* Exercise *
Every line from the one containing "Some of the words" to the end of the listing below should be transcribed exactly, and no line outside that span should appear.
*** Source records Section Begins ***
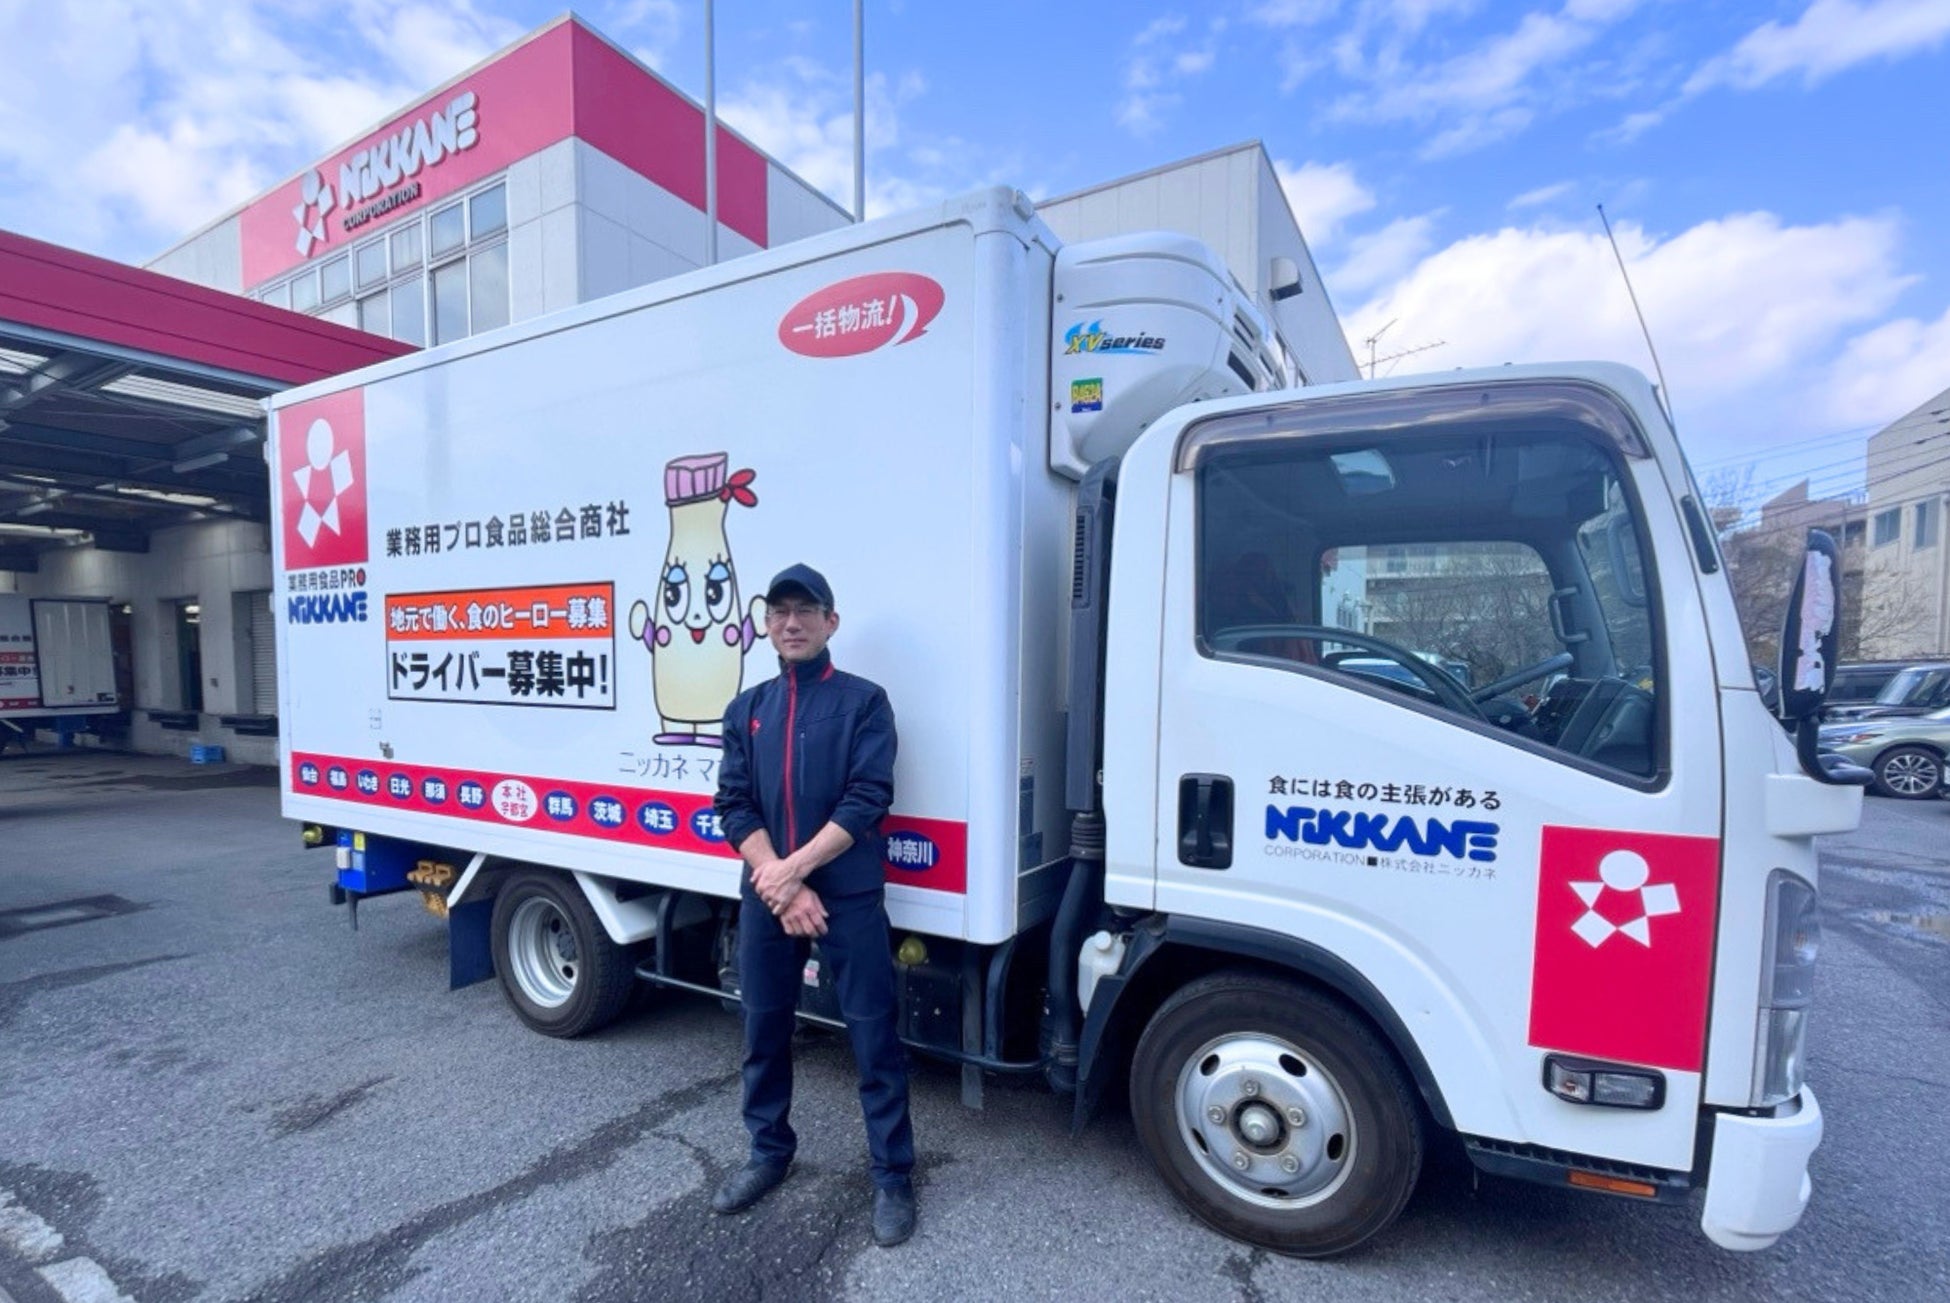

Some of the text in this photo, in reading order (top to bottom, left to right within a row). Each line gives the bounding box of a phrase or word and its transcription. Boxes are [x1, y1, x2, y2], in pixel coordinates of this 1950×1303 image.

[343, 182, 421, 231] CORPORATION
[792, 293, 898, 339] 一括物流!
[386, 500, 630, 557] 業務用プロ食品総合商社
[389, 596, 609, 633] 地元で働く、食のヒーロー募集
[391, 650, 609, 698] ドライバー募集中!
[390, 777, 410, 796] 日光
[460, 785, 483, 805] 長野
[1268, 774, 1501, 810] 食には食の主張がある
[548, 796, 573, 817] 群馬
[593, 801, 622, 824] 茨城
[643, 807, 674, 830] 埼玉
[887, 837, 933, 866] 神奈川
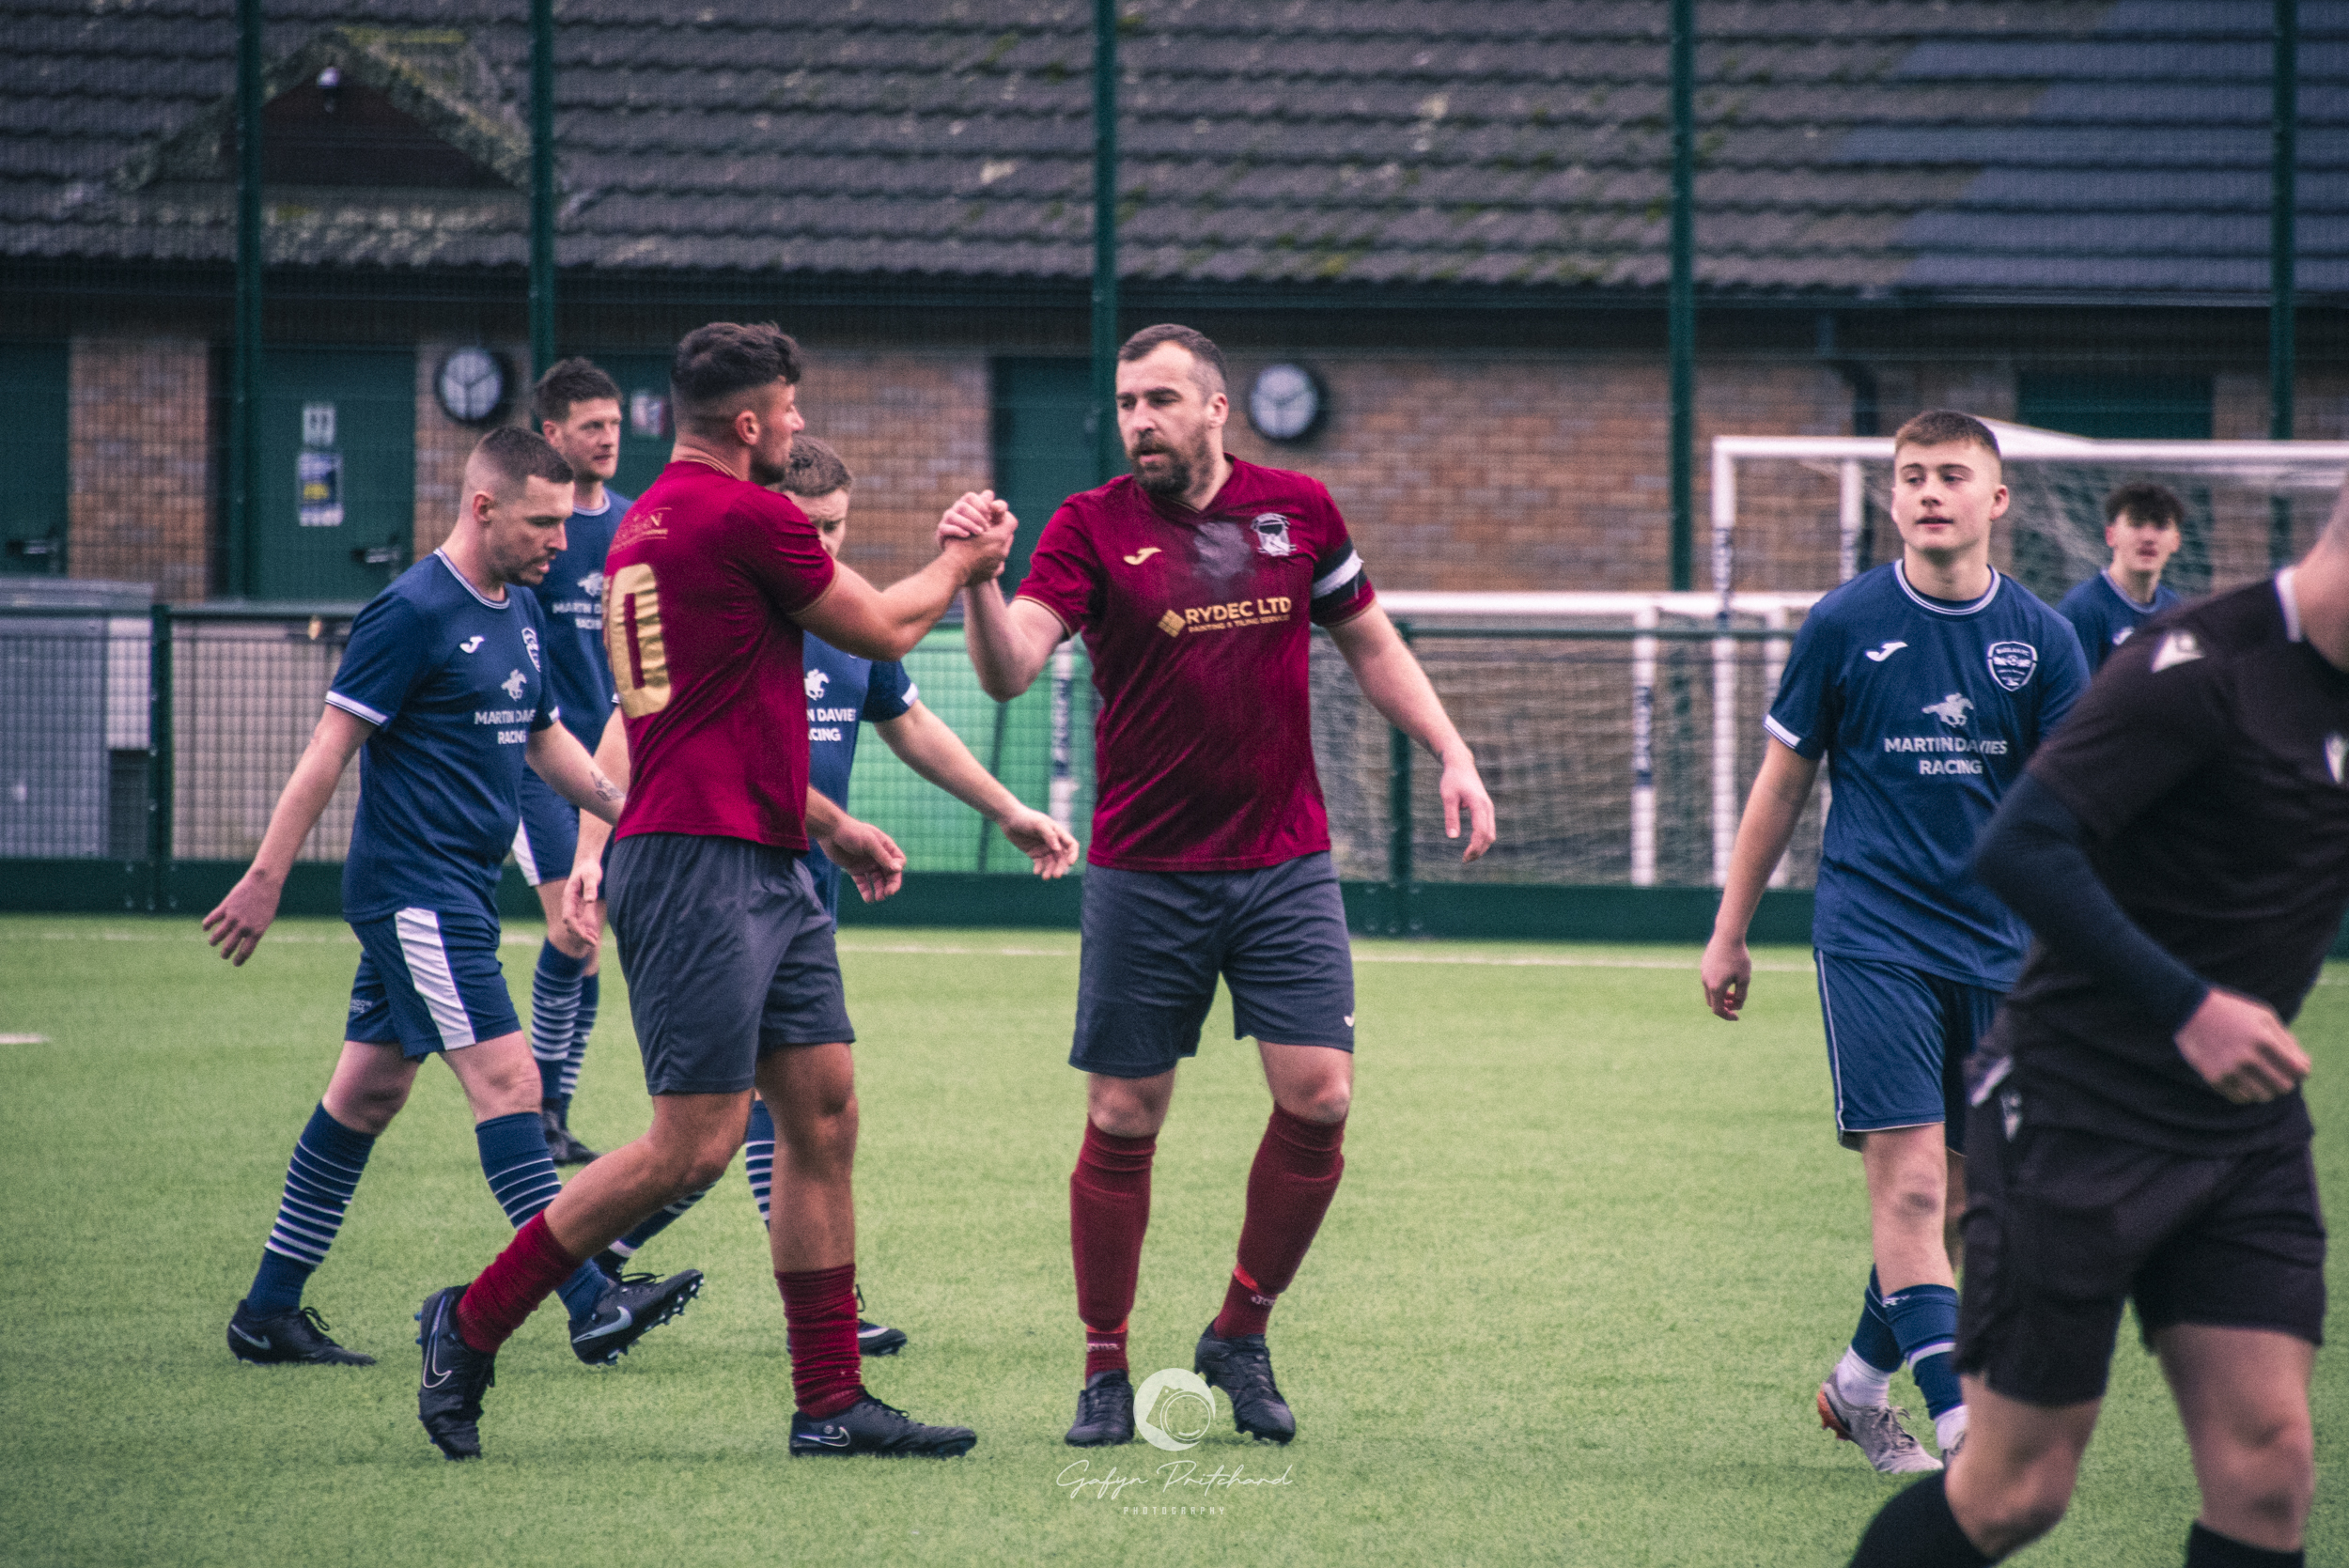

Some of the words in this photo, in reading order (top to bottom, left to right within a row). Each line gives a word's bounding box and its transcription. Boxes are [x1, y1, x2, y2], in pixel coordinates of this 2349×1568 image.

[1184, 600, 1254, 624] RYDEC
[1256, 597, 1292, 615] LTD
[474, 710, 514, 724] MARTIN
[817, 708, 856, 722] DAVIE
[1884, 737, 1954, 753] MARTIN
[1919, 759, 1983, 775] RACING
*** Source records Section Ends ***
* Written reply *
Some of the words in this photo, in reading order (top to bottom, left to right within a row). Each line gives a word's bounding box and its transcription. Boxes are [x1, y1, x2, y2], in pixel coordinates of this 2349×1568 image.

[1184, 600, 1254, 624] RYDEC
[1256, 597, 1292, 615] LTD
[474, 710, 514, 724] MARTIN
[817, 708, 856, 722] DAVIE
[1884, 737, 1954, 753] MARTIN
[1919, 759, 1983, 775] RACING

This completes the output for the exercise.